En entrant dans l’amphithéâtre de nouveaux sujets d’étonnement se présentèrent à ses yeux. Sur un espace nivelé, au milieu du terrain, un groupe de personnages étranges, affublés de costumes les plus bizarres, jouaient aux quilles. Les uns portaient de courts pourpoints, d’autres des tuniques avec de longs couteaux passés à la ceinture, et le plus grand nombre avaient d’énormes culottes pareilles à celles du compagnon de Rip. Leur physique aussi était curieux : l’un d’entre eux avait une tête énorme, au visage large, avec de petits yeux de cochon, le nez d’un autre semblait envahir tout son visage, que couronnait un chapeau blanc en forme de pain de sucre, orné d’une petite plume de coq. Tous portaient la barbe, de formes et de couleurs diverses.
Un vieillard d’un certain embonpoint, semblait être le chef de la société ; il portait un pourpoint brodé, avec l’épée passée à la ceinture, un chapeau à haute calotte et à plume, des bas rouges, et des souliers à talons hauts avec des rosettes.
Rip fut surtout frappé de l’air grave et du silence mystérieux de ces gens qui pourtant, étaient en train de s’amuser ; jamais il n’avait assisté à une aussi triste partie de plaisir. Rien ne troublait le silence du lieu, sauf le son des balles qui, en roulant, faisaient résonner les montagnes d’un fracas semblable à celui du tonnerre.
L’arrivée de Rip fit subitement cesser le jeu, et tous tournèrent vers lui des regards si vides de toute expression qu’à l’aspect de ces visages singuliers, semblables à des statues, il fut pris d’une peur soudaine ; son cœur se souleva et ses genoux s’entrechoquèrent. Son compagnon vida alors le contenu du baril dans de grandes cruches, et lui fit signe de servir la compagnie. Il obéit en tremblant de crainte ; tous burent la liqueur en silence et se remirent ensuite à leur jeu.
La terreur et l’appréhension de Rip diminuèrent peu à peu ; il osa même, lorsqu’aucun œil n’était fixé sur lui, essayer le breuvage qu’il trouva ressembler fort à l’excellent genièvre de Hollande. Il était naturellement porté à la soif, et fut bientôt tenté de renouveler l’expérience. Y prenant goût, il répéta si souvent ses visites à la dive bouteille, qu’à la fin la tête lui tourna ; il perdit conscience, son menton retomba peu à peu sur sa poitrine, et il s’endormit profondément.
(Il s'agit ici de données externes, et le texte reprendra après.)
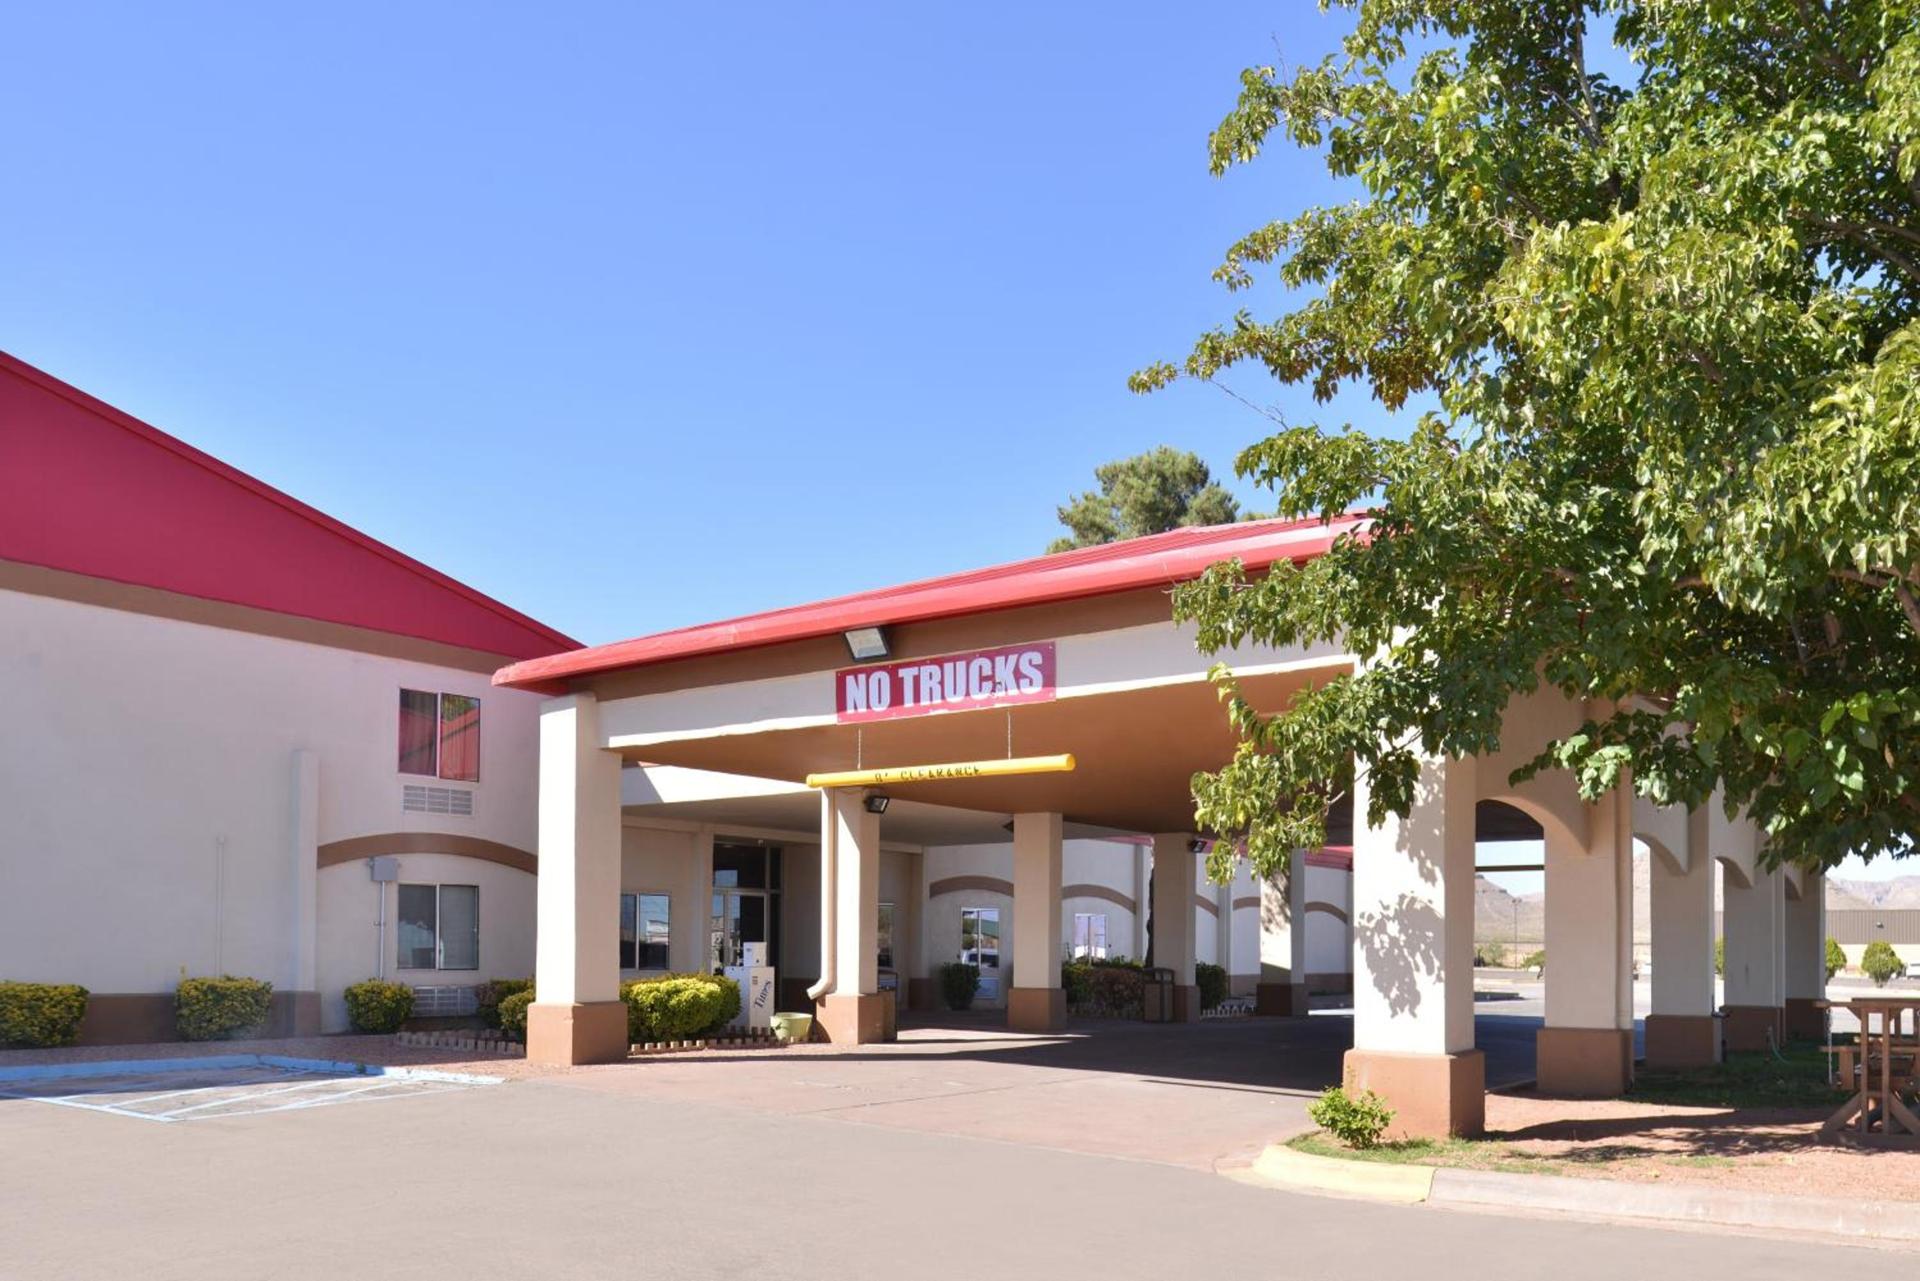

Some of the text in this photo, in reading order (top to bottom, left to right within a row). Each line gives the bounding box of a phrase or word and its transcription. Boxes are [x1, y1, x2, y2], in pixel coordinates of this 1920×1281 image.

[845, 651, 1043, 714] NO TRUCKS
[900, 765, 979, 780] CLEARANCE
En s’éveillant, il se retrouva sur la butte verte d’où il avait tout d’abord aperçu le vieillard du ravin. Il se frotta les yeux : c’était une belle matinée ensoleillée, une brise pure soufflait à travers la montagne, les petits oiseaux sautillaient et gazouillaient dans les buissons, et un aigle tournoyait dans les airs.
« Je n’ai pas pu dormir ici toute la nuit… » se dit Rip, et toutes les circonstances qui avaient précédé son sommeil lui revinrent à l’esprit. Il revit l’homme étrange portant le baril, le ravin dans la montagne, la retraite sauvage parmi les rochers, les personnages mélancoliques jouant aux quilles, et surtout la cruche de liqueur.
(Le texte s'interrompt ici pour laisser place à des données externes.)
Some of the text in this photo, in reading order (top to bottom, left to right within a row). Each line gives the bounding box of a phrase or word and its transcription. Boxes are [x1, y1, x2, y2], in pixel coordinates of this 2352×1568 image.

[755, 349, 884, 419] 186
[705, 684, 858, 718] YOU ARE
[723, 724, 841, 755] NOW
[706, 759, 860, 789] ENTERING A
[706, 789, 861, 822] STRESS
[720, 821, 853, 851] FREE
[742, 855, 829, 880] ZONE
« Cette maudite cruche, se dit Rip. Qu’est-ce-que je vais bien pouvoir dire à ma femme ? »
Il chercha des yeux son fusil, mais à la place de son fusil de chasse propre et bien entretenu il trouva à côté de lui un vieux mousquet au canon rouillé, dont la platine se détachait, et dont le bois était vermoulu. Il soupçonna alors les graves messieurs du jeu de quilles de lui avoir joué un mauvais tour, et après l’avoir enivré de liqueur, de lui avoir volé son fusil. Wolf avait également disparu, mais il était peut-être parti à la chasse d’un écureuil ou d’une perdrix. Son maître le siffla, et l’appela à grands cris, mais en vain ; l’écho répéta ses appels, mais le chien ne revint pas.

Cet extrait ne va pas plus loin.